Will a failure to make reasonable adjustments leading up to the dismissal of disabled employee make their dismissal unfair?
A failure to make reasonable adjustments leading up to the dismissal of a disabled employee will not necessarily make their dismissal unfair. The Employment Appeal Tribunal (EAT) decided this in Knightley v Chelsea Westminster Hospital NHS Trust.
Mrs Knightley was employed by Westminster Hospital NHS Foundation Trust as a Lead Midwife for Mental Health from February 2009. She had been suffering with stress, anxiety and depression from around 2007 which affected her attendance at work. Mrs Knightley was dismissed on grounds of capability on 5 April 2018. Mrs Knightley was informed she had 10 days to appeal this decision. 13 days later she asked for an extension and submitted a three line appeal a week later. Her employer did not consider the appeal on the grounds that “it was out of time”.
Mrs Knightley brought several claims against her employer including for their failure to make reasonable adjustments, unfair dismissal, and discrimination arising from disability.
The Employment Tribunal (ET) held that her employer should have made adjustments by allowing Mrs Knightley more time to appeal the decision to dismiss her and awarded her £3,000 for injury to feelings for their failure to make reasonable adjustments. Her other claims were dismissed.
Mrs Knightley appealed this decision on several grounds.
- that if the ET found that it was reasonable to allow for an extension to appeal then it ought to have led to her other claims succeeding,
- that the ET had not sufficiently explained how her dismissal could be fair or proportionate given this finding, and/or
- that the ET had wrongly relied on its finding that her appeal would not have been successful in any event (on the basis that this is something that would ordinarily be dealt with by reducing the compensation awarded).
The Employment Appeal Tribunal (EAT), dismissing her appeal, held that the ET had appropriately applied the legal tests required for each claim. Even though the EAT considered that her employer should have allowed Mrs Knightley more time to appeal the decision, in the circumstances it did not mean that her other claims should succeed.

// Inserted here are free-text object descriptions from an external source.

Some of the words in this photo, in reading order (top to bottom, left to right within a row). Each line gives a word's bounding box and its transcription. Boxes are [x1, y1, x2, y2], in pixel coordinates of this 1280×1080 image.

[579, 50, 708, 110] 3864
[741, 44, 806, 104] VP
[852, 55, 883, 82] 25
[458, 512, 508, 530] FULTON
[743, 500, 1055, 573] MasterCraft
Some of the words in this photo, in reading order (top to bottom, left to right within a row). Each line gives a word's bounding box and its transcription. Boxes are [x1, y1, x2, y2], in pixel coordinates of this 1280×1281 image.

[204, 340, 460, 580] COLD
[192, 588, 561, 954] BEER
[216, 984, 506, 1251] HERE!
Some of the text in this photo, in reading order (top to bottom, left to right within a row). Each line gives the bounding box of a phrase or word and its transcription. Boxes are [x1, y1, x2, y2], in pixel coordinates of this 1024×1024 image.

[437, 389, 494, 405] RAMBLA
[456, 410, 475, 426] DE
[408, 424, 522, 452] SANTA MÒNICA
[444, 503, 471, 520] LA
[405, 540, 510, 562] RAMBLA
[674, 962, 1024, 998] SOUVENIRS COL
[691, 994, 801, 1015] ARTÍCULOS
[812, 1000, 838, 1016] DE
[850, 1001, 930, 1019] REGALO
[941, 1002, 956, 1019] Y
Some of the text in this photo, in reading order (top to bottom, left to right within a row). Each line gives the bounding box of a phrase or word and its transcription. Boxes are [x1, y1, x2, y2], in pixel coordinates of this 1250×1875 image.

In respect of the claim for discrimination arising from disability, Mrs Knightley’s employer accepted that the capability proceedings and the dismissal amounted to unfavourable treatment which arose out of her disability (i.e., her attendance record). Mrs Knightley accepted her employer had a legitimate reason for dismissing her. The outstanding question for the ET to consider was therefore whether the treatment was a proportionate means of achieving an legitimate aim. The EAT decided that, in these circumstances, it was, so Mrs Knightley was unsuccessful.